[Text-to-region grounding data]
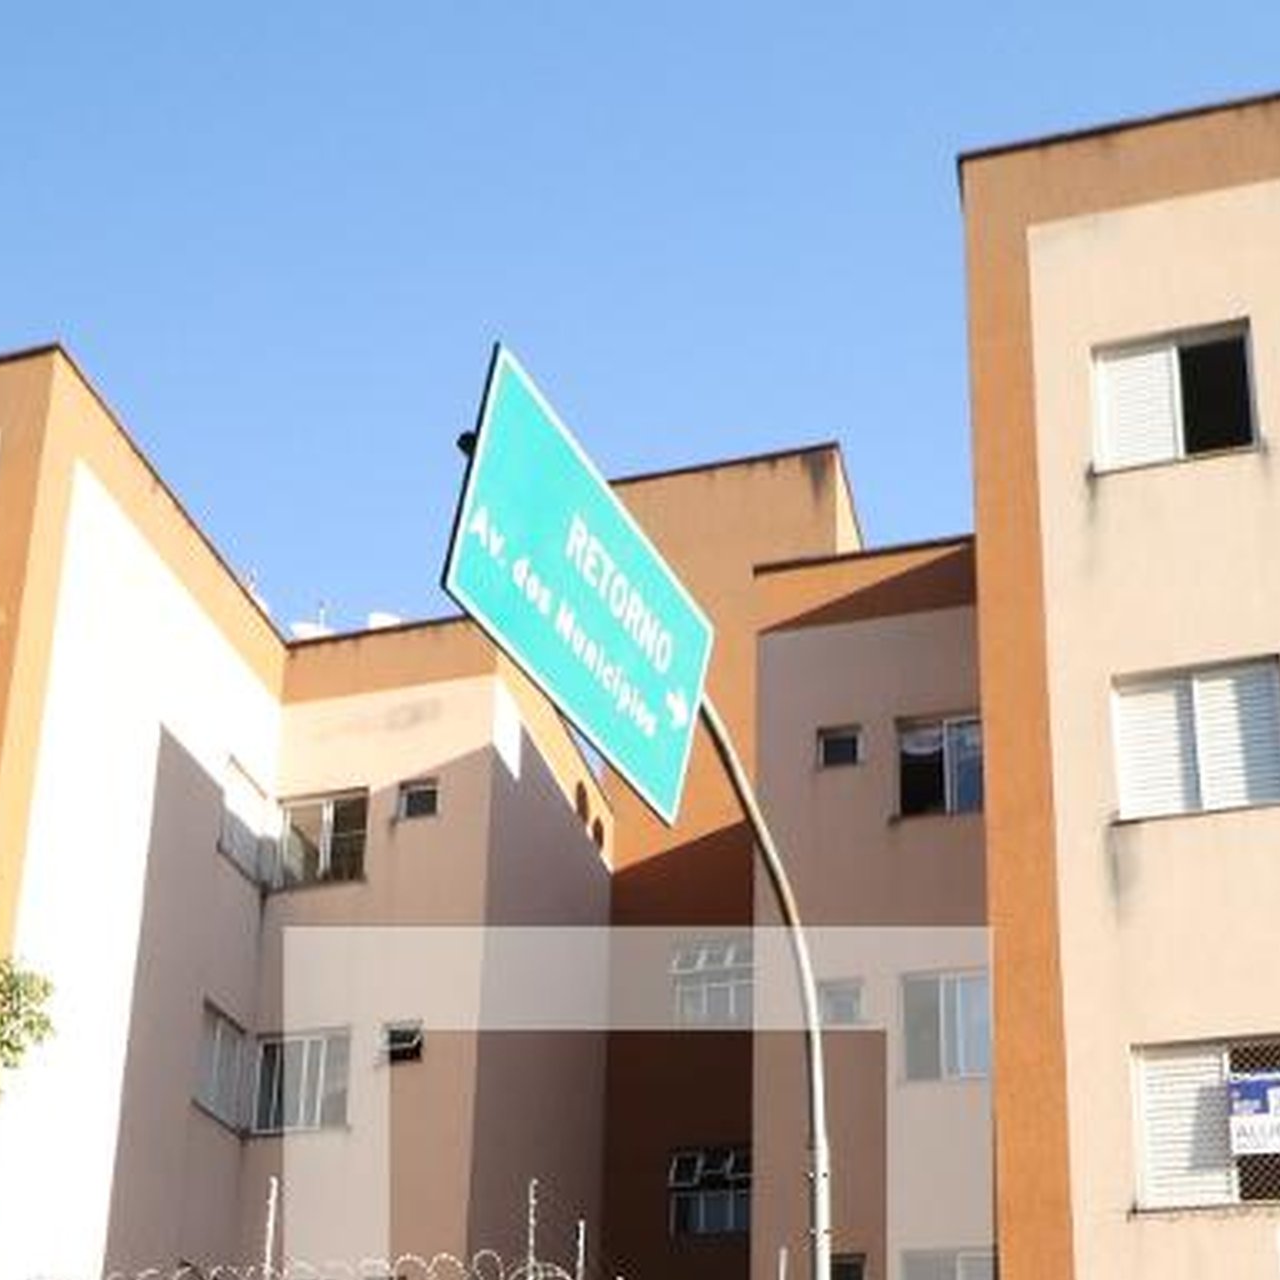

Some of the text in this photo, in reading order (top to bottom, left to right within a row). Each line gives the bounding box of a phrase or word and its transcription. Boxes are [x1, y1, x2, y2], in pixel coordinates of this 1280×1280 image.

[469, 505, 506, 568] Av.
[512, 558, 552, 615] dos
[566, 514, 672, 674] RETORNO
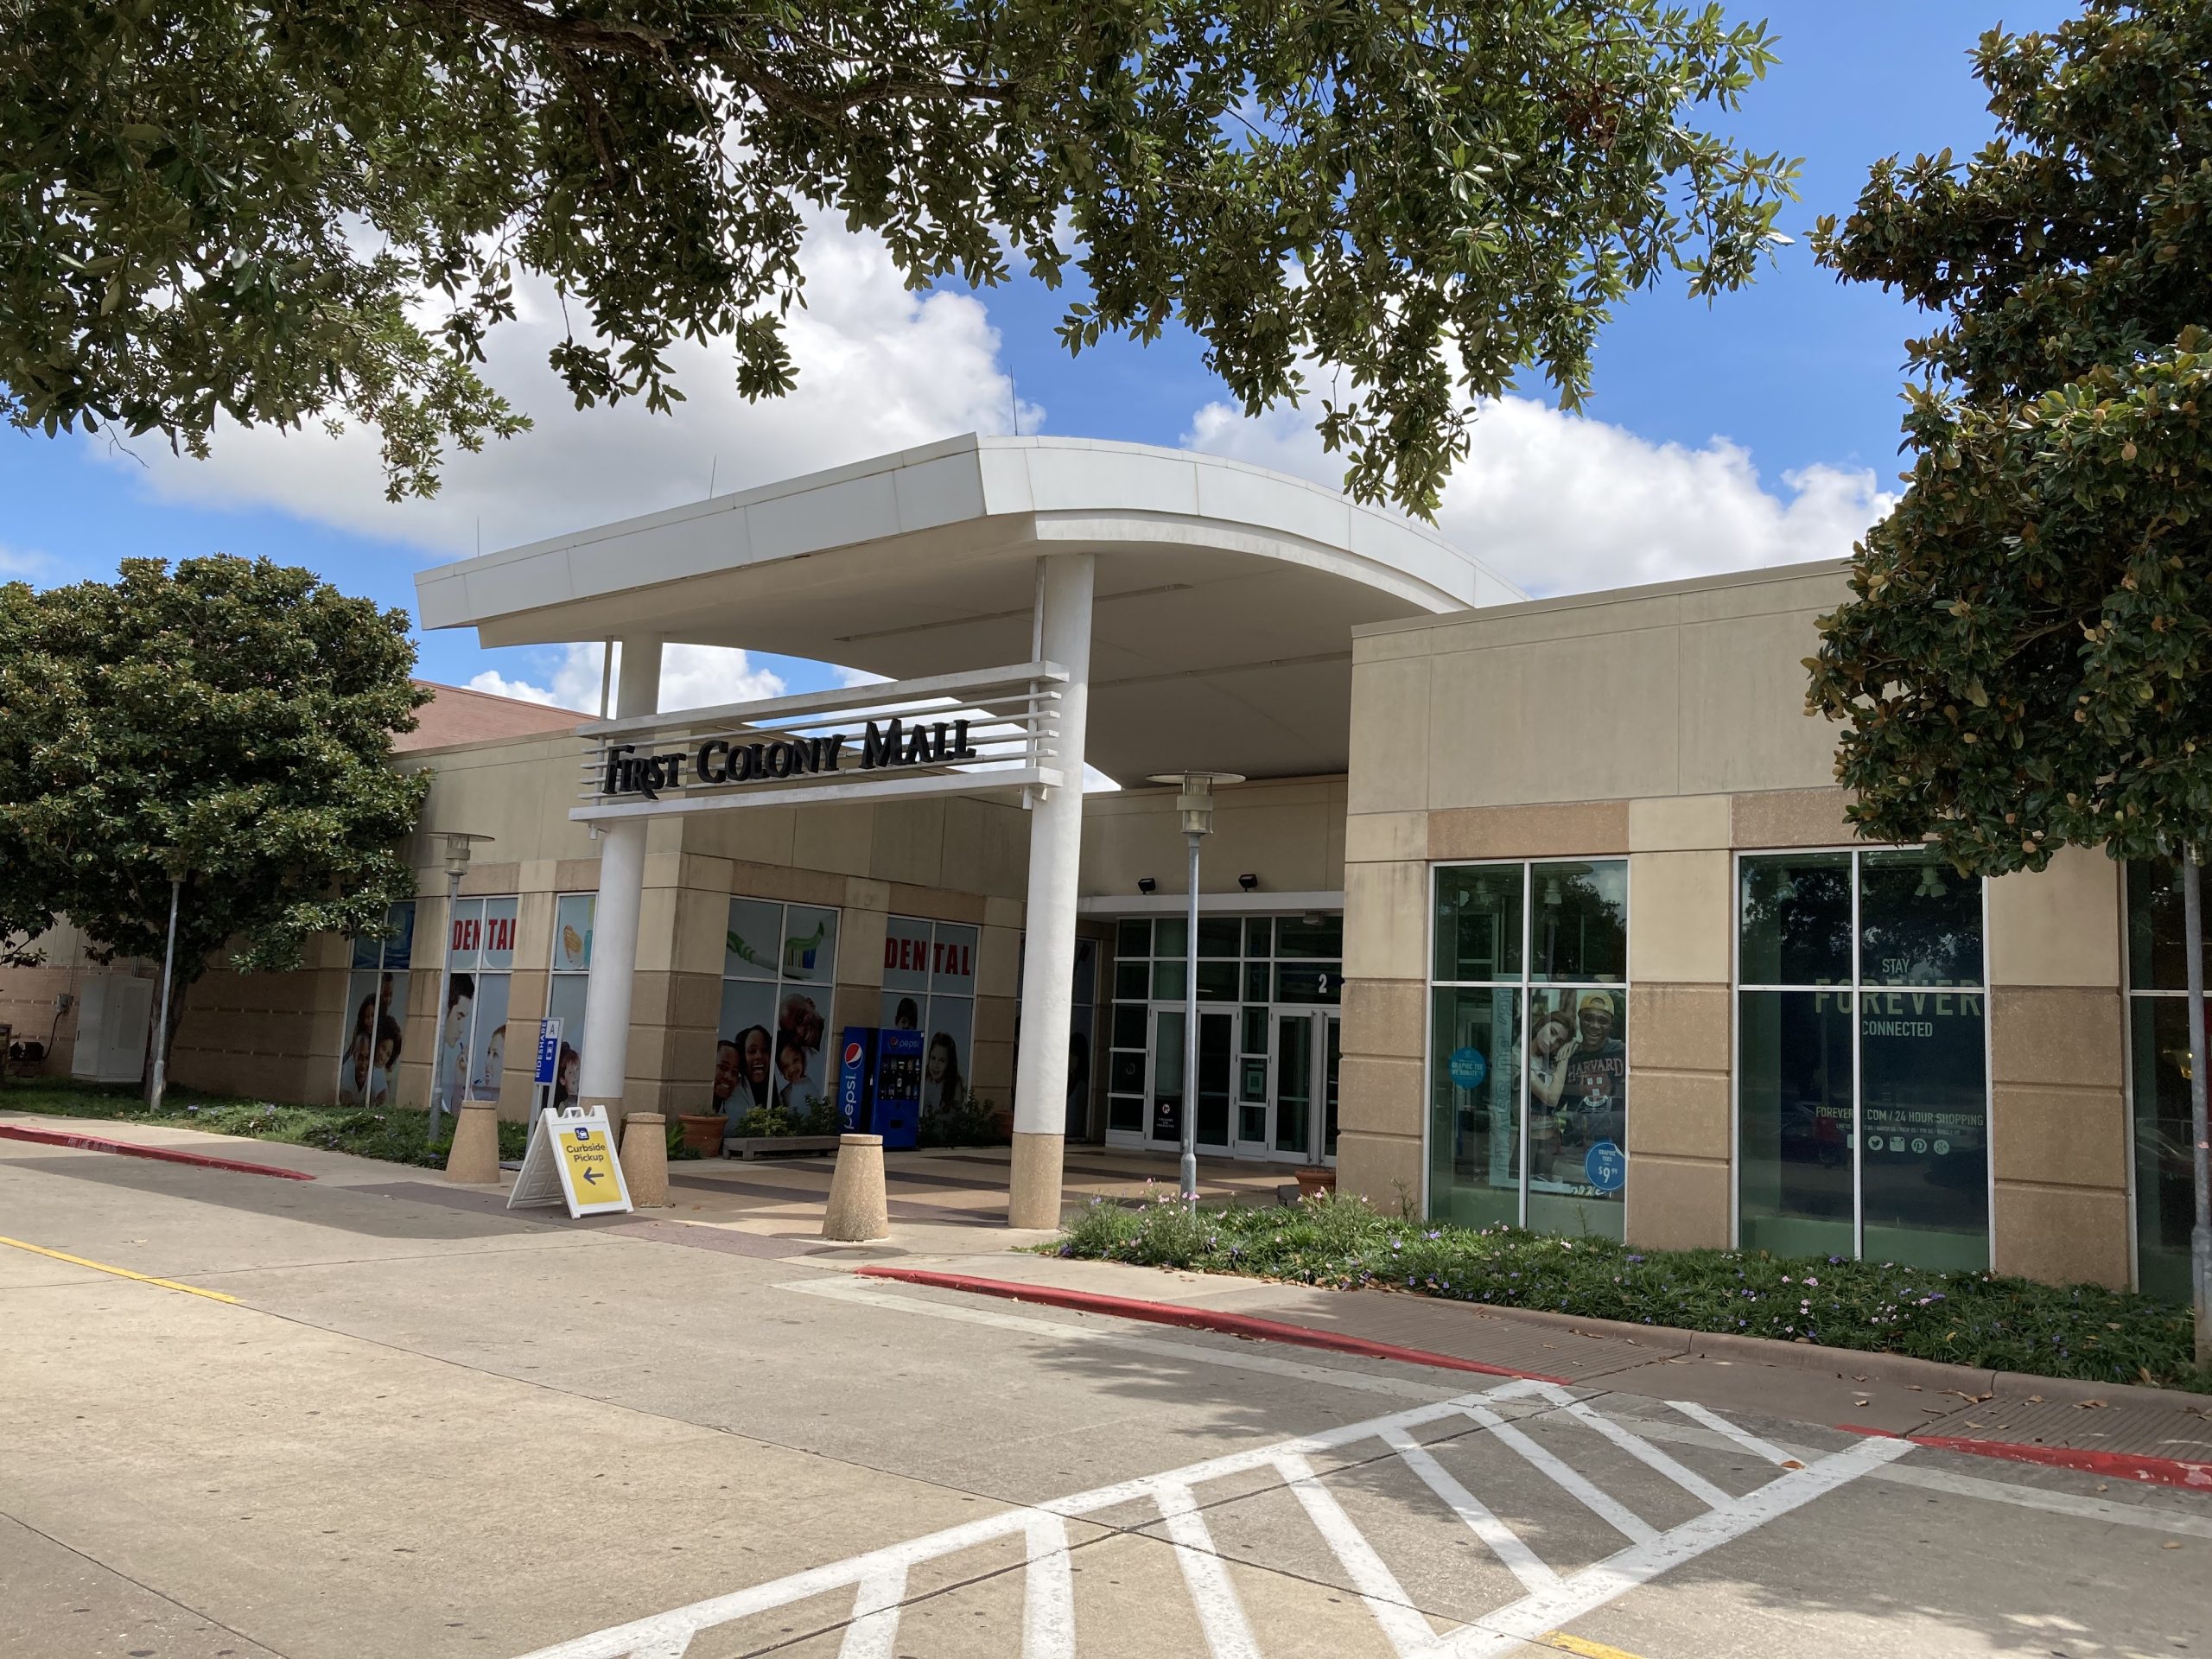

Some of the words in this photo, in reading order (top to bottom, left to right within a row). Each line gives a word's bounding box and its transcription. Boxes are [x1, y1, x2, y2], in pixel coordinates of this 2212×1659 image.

[884, 937, 971, 976] DENTAL
[1882, 958, 1910, 974] STAY
[1319, 973, 1327, 994] 2
[1815, 978, 1981, 1016] FOREVER
[550, 1024, 555, 1035] A
[1862, 1020, 1933, 1037] CONNECTED
[535, 1021, 547, 1078] RIDESHARE
[899, 1039, 920, 1049] pepsi
[1567, 1058, 1624, 1083] HARVARD
[1895, 1111, 1906, 1122] 24
[1909, 1112, 1934, 1123] HOUR
[1936, 1112, 1984, 1126] SHOPPING
[566, 1143, 606, 1153] Curbside
[574, 1154, 604, 1163] Pickup
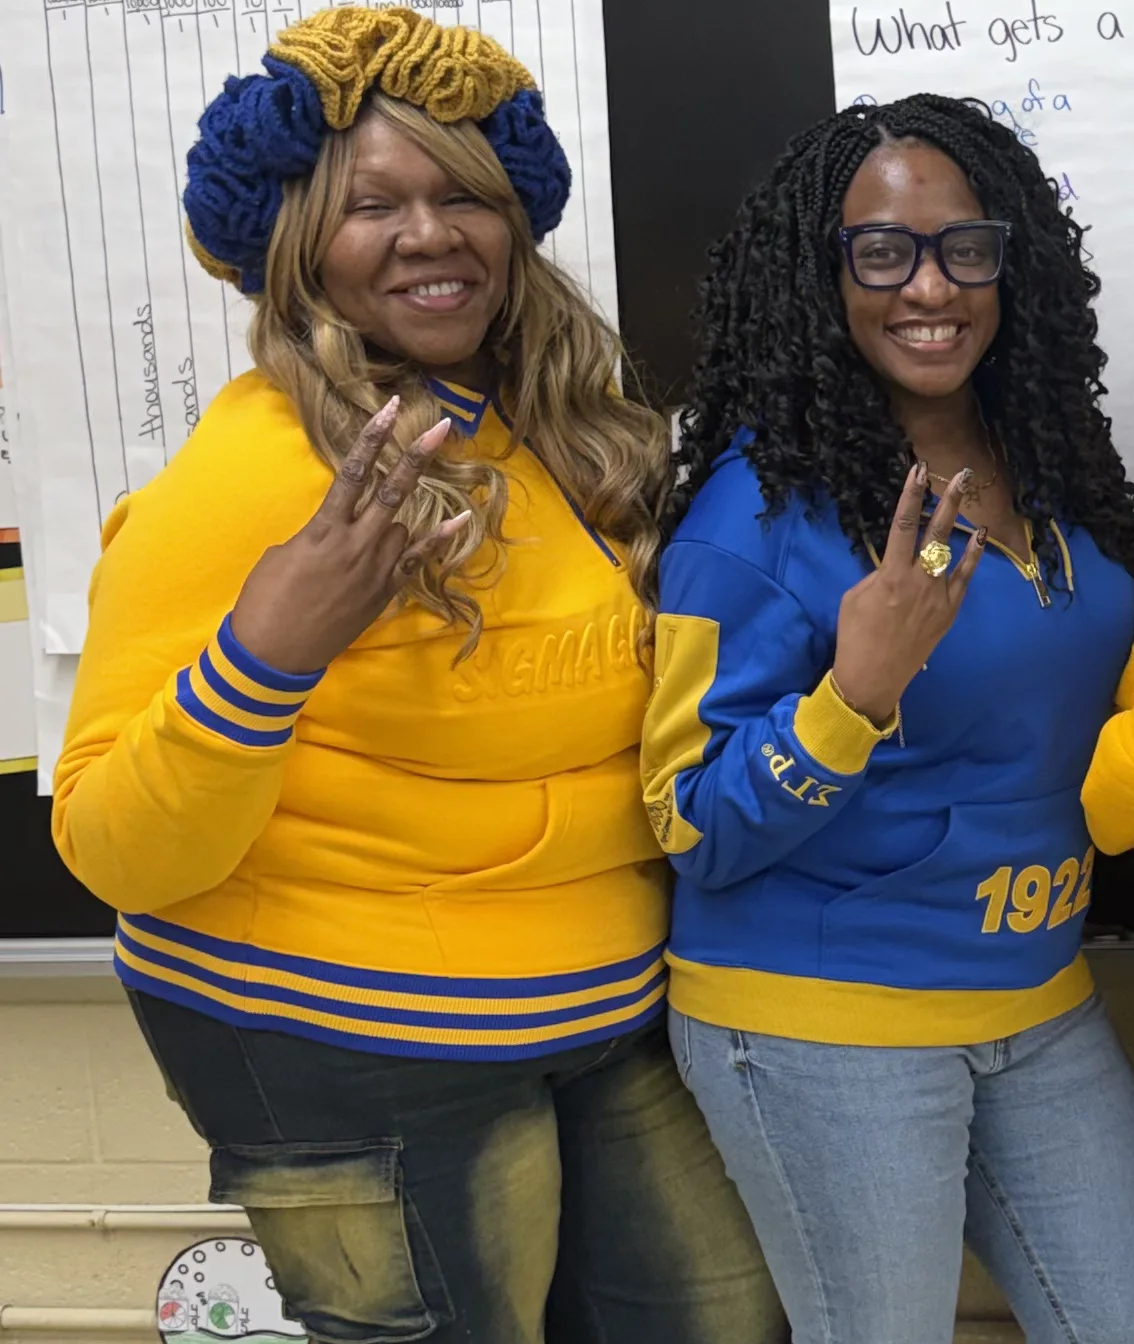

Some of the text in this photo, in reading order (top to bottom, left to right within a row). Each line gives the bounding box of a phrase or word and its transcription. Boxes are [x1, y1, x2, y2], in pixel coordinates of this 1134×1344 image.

** WORK REQUIRED **
Transcribe all the lines above exactly, apart from the pictures.

** RESPONSE TO THIS TASK **
Some of the text in this photo, in reading order (top to bottom, left to right within a row). Each line gives the bounding box of a phrase or word and its transcription. Boxes are [x1, y1, x2, y2], in pixel coordinates of this 1280×1280 image.

[469, 505, 506, 568] Av.
[512, 558, 552, 615] dos
[566, 514, 672, 674] RETORNO

Some of the words in this photo, in reading order (top to bottom, left to right within a row). Each line gives a word's bounding box and its transcription. Boxes are [x1, y1, x2, y2], in pixel coordinates of this 2212×1659 image.

[884, 937, 971, 976] DENTAL
[1882, 958, 1910, 974] STAY
[1319, 973, 1327, 994] 2
[1815, 978, 1981, 1016] FOREVER
[550, 1024, 555, 1035] A
[1862, 1020, 1933, 1037] CONNECTED
[535, 1021, 547, 1078] RIDESHARE
[899, 1039, 920, 1049] pepsi
[1567, 1058, 1624, 1083] HARVARD
[1895, 1111, 1906, 1122] 24
[1909, 1112, 1934, 1123] HOUR
[1936, 1112, 1984, 1126] SHOPPING
[566, 1143, 606, 1153] Curbside
[574, 1154, 604, 1163] Pickup

Some of the text in this photo, in reading order (top to bottom, left to right within a row). Each line gives the bounding box of a phrase or word and its transcription. Boxes are [x1, y1, x2, y2], in pixel coordinates of this 1134×1344 image.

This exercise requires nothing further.